Self-employed workers are not included in the SG [superannuation guarantee] system but may voluntarily contribute and obtain tax deductions for contributions. It is likely that new business owners choose to reinvest in their businesses rather than voluntarily direct cashflow to their superannuation…

The gig economy, which appears to be in full swing, creates a new set of problems with respect to the SG system… This means that taxpayers will need to support the lower paid or gig workers who will fall back onto the Aged Pension system to a greater degree than otherwise…

Many of the gig economy workers are casuals and even when they are full-time, many are contractors rather than employees (i.e. they are required to be self-employed)…

As a growing part of the workforce, if the gig economy workers do not participate in the SG system, the percentage of the population covered by compulsory superannuation will reduce.

It is not clear how large the gig economy will be, but its growth could mean that the success of this pillar of the retirement income system will not deliver to its full potential and place a greater burden on the Aged Pension.

According to Self-Employed Australia, 17.1% of Australia’s workforce, or just over 2 million persons, were self-employed in 2016. If the same percentage holds today, just over 2.2 million Australians would be self-employed.

This means there are at least 2 million Australians that are not required to make compulsory superannuation contributions, since the superannuation guarantee only covers people who have previously engaged in the formal workforce, primarily as employees.

Ultimately, this is more proof that Australia’s compulsory superannuation system is not a genuine retirement pillar, since:

  • superannuation can be spent many years before retirement;
  • superannuation cannot guarantee retirement incomes for people who are self-employed, casually employed, or homemakers;
  • the bulk of superannuation concessions go to where they are not needed (i.e. high income earners), costing the federal budget far more than it saves in Aged Pension costs; and
  • for everyone other than public service defined benefit members, superannuation is exposed to market risks.

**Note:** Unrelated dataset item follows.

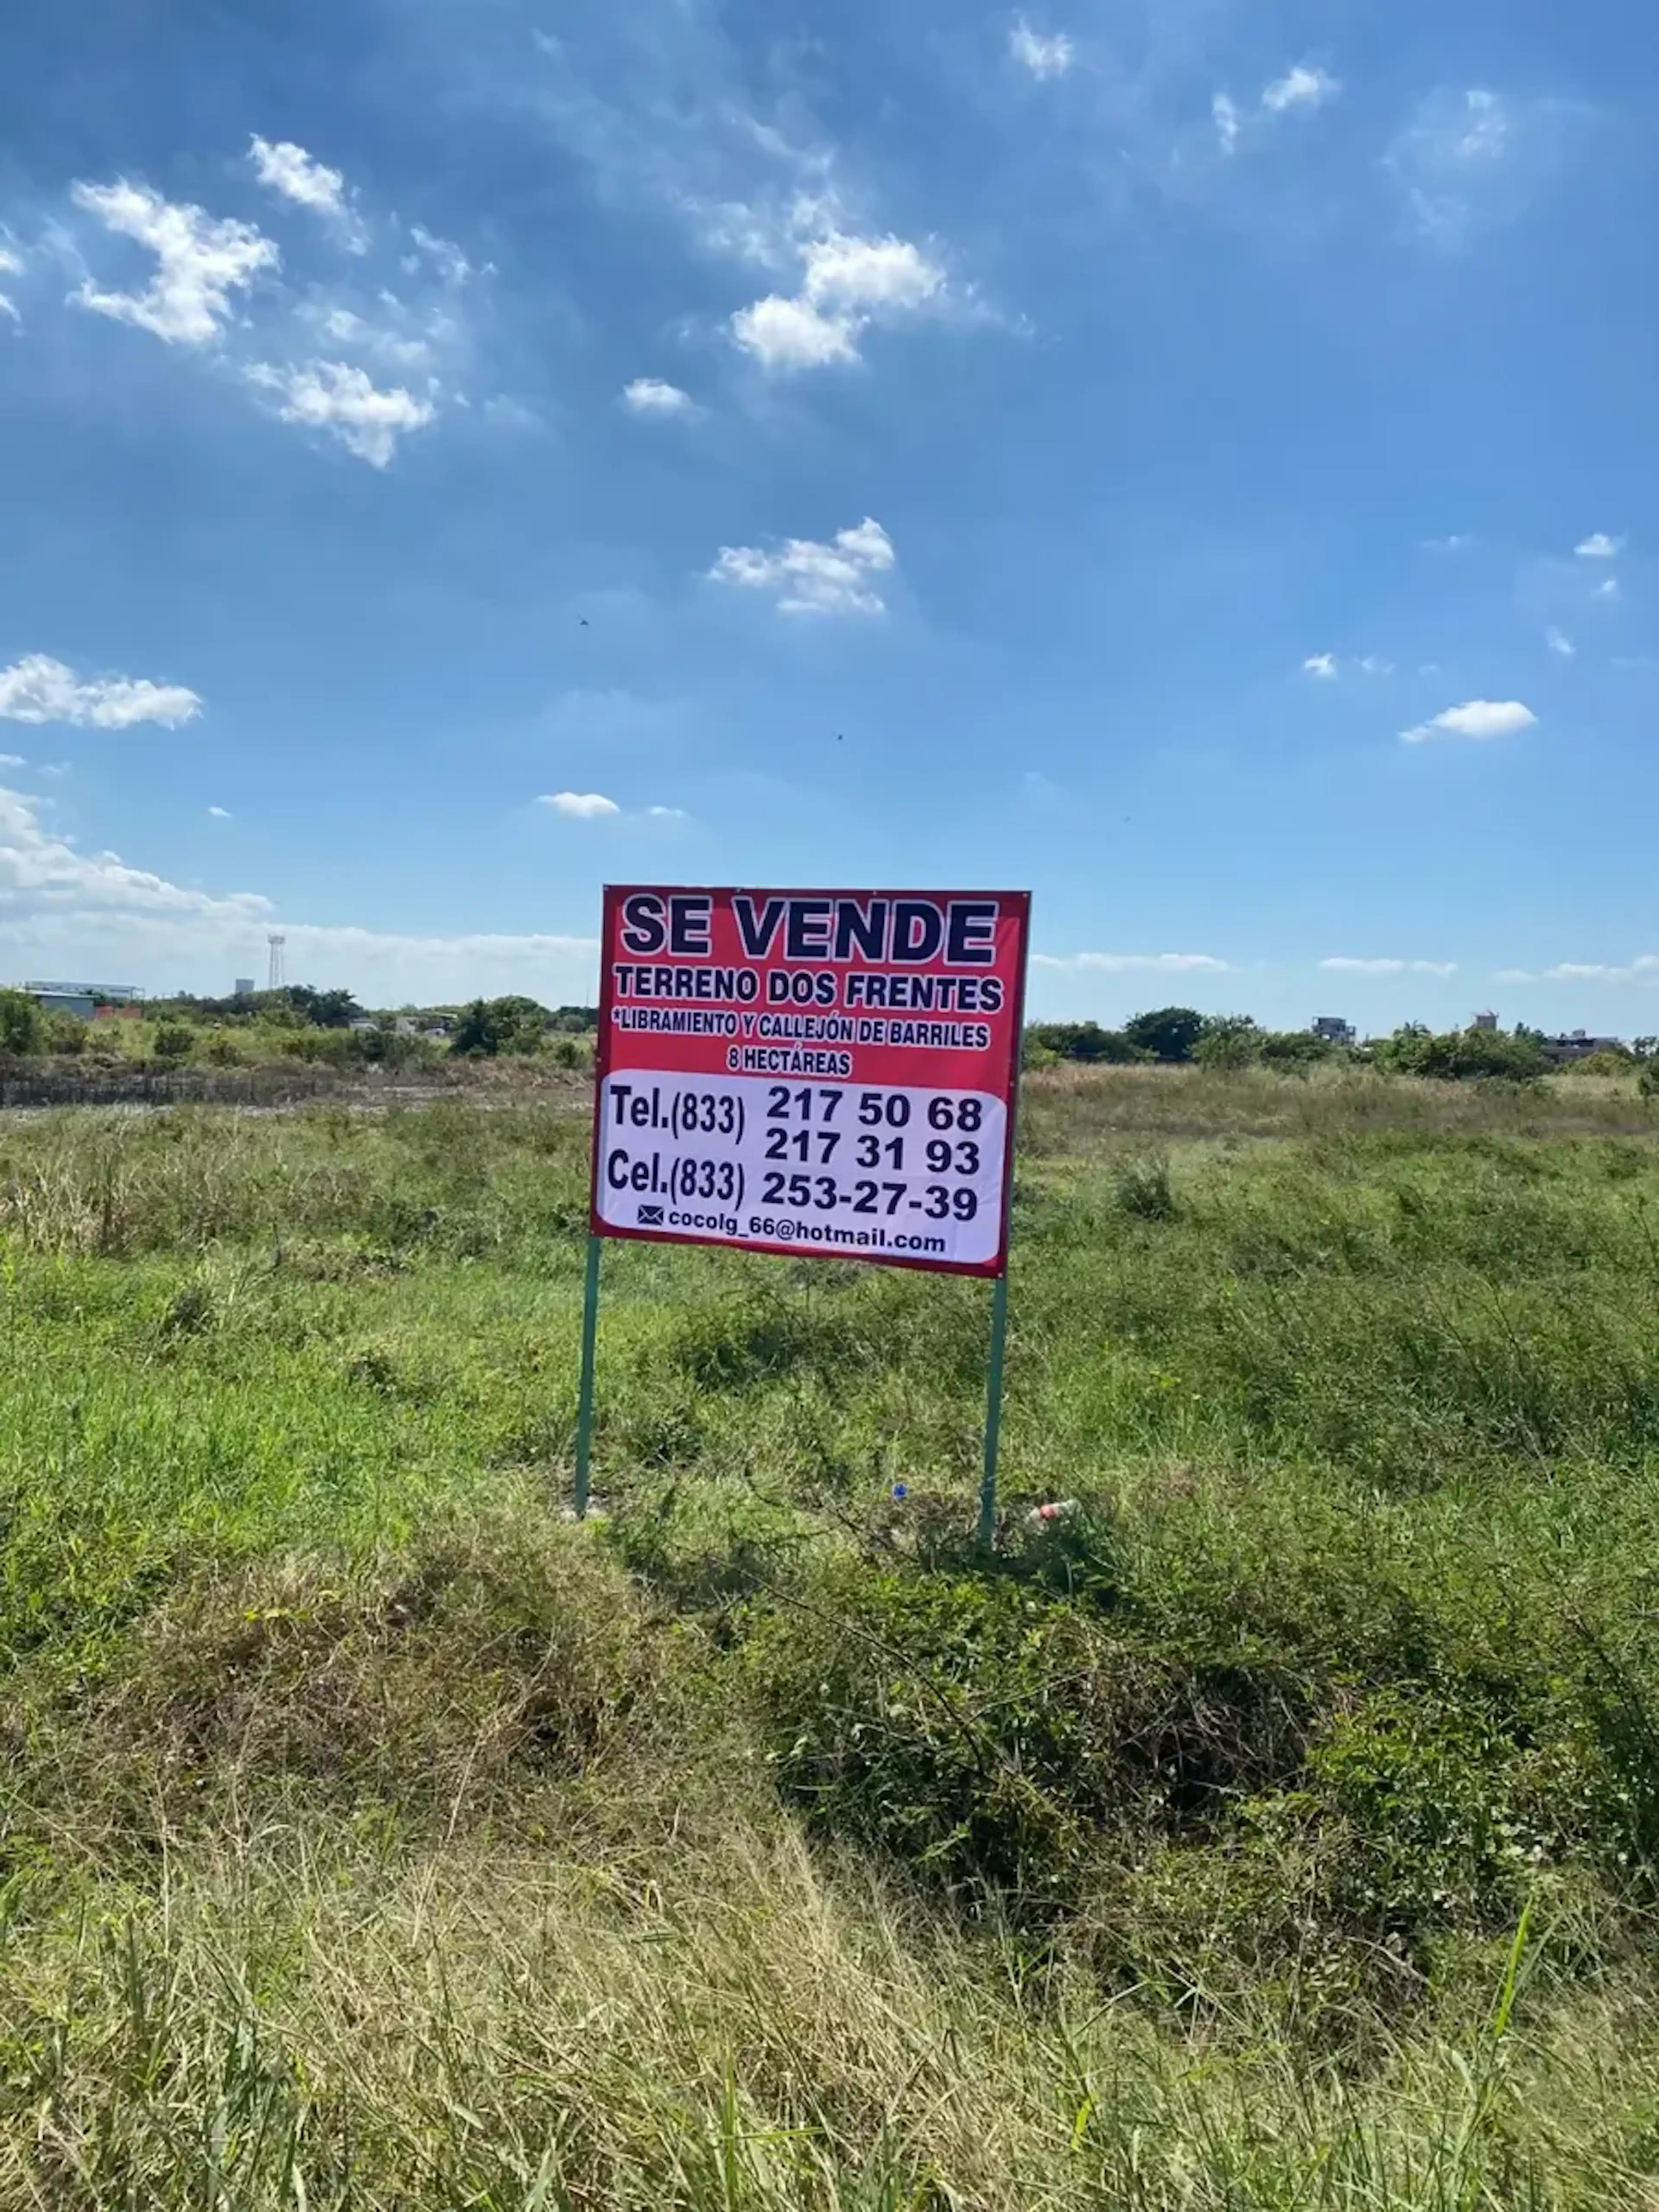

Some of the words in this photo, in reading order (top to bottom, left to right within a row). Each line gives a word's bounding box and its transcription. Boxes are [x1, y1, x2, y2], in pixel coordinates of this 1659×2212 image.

Given these facts, taxpayer resources should move away from supporting superannuation to boosting the Aged Pension – Australia’s true retirement income system.

Leith van Onselen

Comments

  1. It would be interesting to see how many of these gig workers actually put money into super and how much (including contractors earning high incomes). It will give you a pretty good idea as to what would happen if you made super voluntary for employees as well.

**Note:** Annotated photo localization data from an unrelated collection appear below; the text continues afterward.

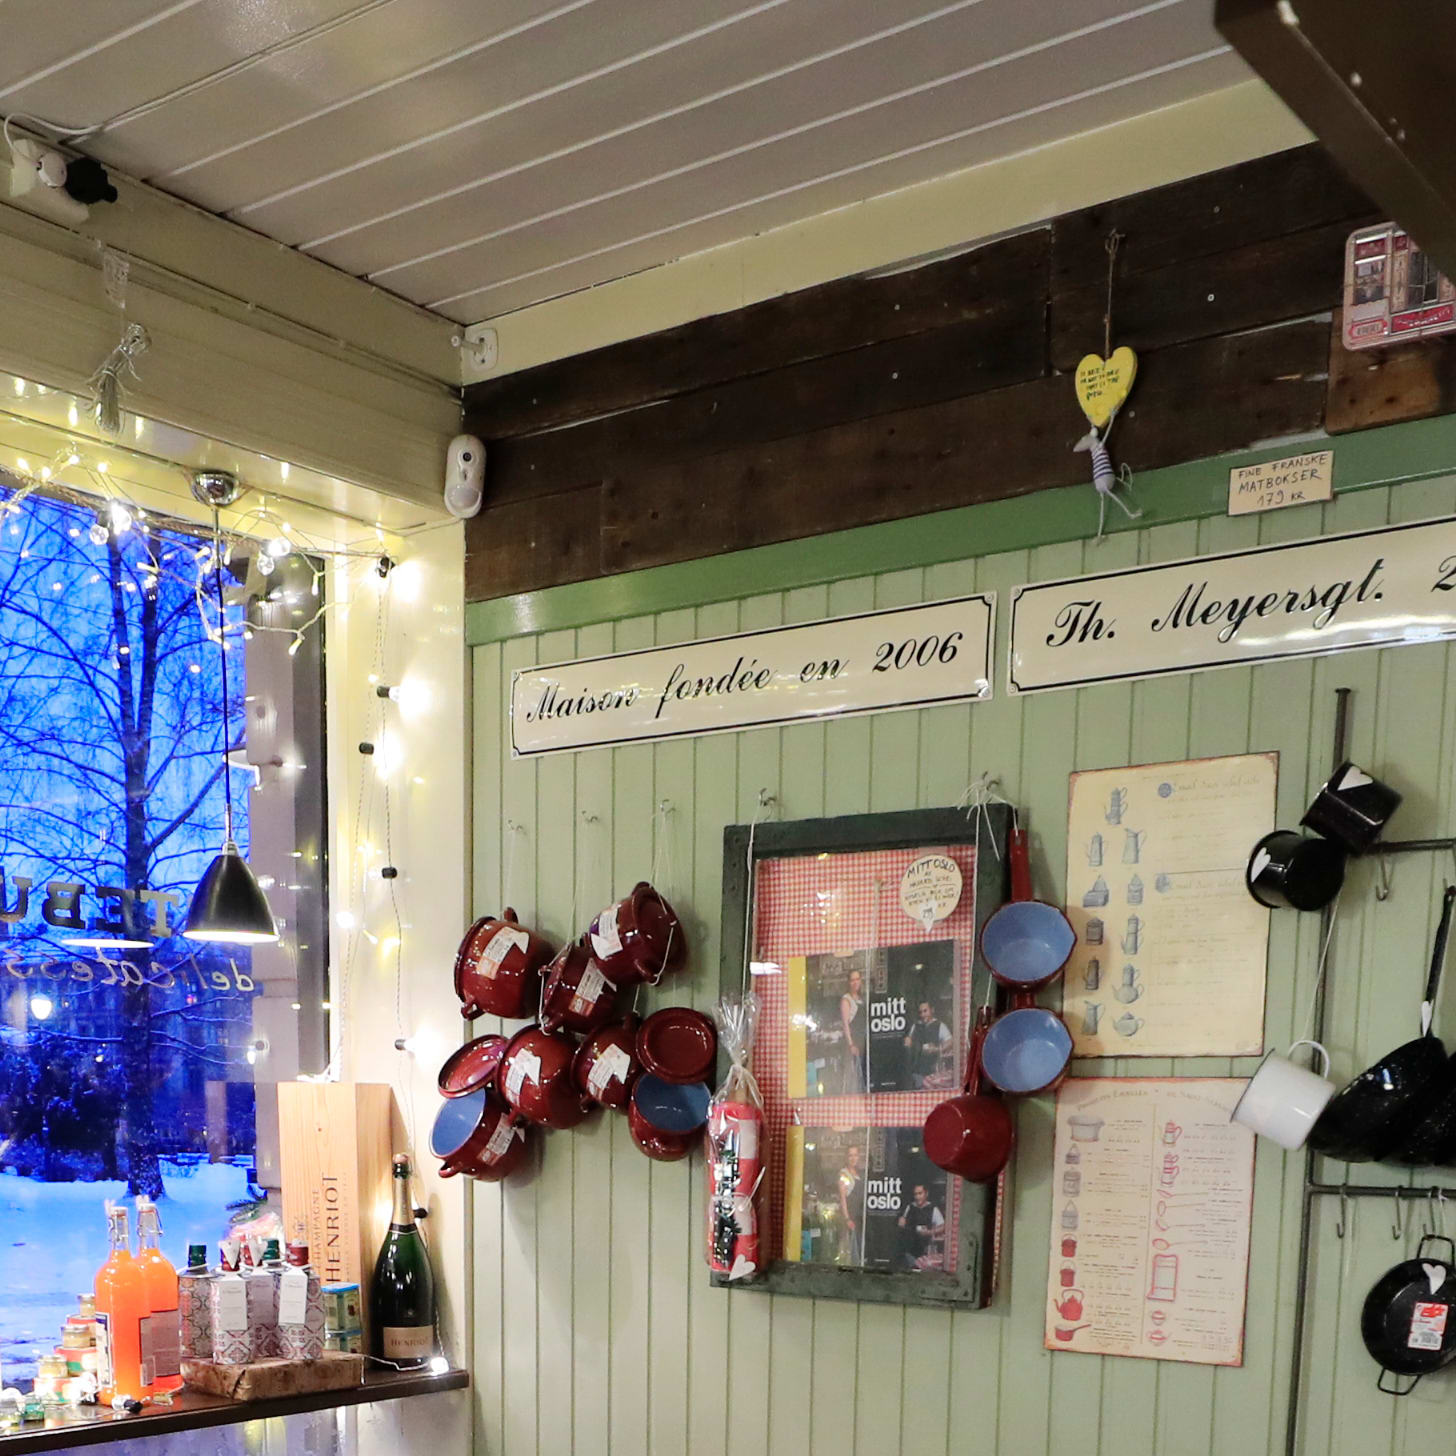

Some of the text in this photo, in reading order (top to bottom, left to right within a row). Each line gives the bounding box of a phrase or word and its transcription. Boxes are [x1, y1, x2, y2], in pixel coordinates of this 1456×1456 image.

[1237, 453, 1328, 481] FINE FRANSKE
[1238, 469, 1322, 494] MATBOKSER
[1257, 490, 1305, 507] 179 KR
[1045, 599, 1117, 649] Th.
[1150, 558, 1384, 644] Meyersgt.
[526, 631, 965, 724] Maison fondée en 2006
[907, 859, 933, 878] MITT
[870, 997, 907, 1015] mitt
[870, 1014, 906, 1033] oslo
[867, 1177, 902, 1194] mitt
[867, 1193, 901, 1210] oslo
[321, 1172, 341, 1282] HENRIOT

  2. Those 2 million are the lucky ones. They get their 9% upfront, in hand and an earning uplift, unlike the wage proles who effectively have their wages haircut by 9%.

    These 2m are to be envied and cheered.

    • You are kidding me. The 2m dont get compensated for not getting a super contribution, they get underpaid and told to be grateful by the fast talking spivs who run the gig economy. Those poor bastards are back to the days of queuing for a days pay on the waterfront. And yes its immigration levels sustained well beyond the resources boom that are to blame … that and 10 plus years of crap governments on both sides with no relief in sight.

      • Really?!

        Gee, if that goes on for gig economy workers, I wonder what would happen if the blokes in here get their wish and compulsory superannuation gets abolished for everyone, then?!?!

  3. So the superannuation system will be hollowed out as all the wage based worker bees become gig workers. This will leave super with just the wealthy rorters in it. That’s going to be an interesting fight between Government, Super Industry and Wealthy Tax Avoiders.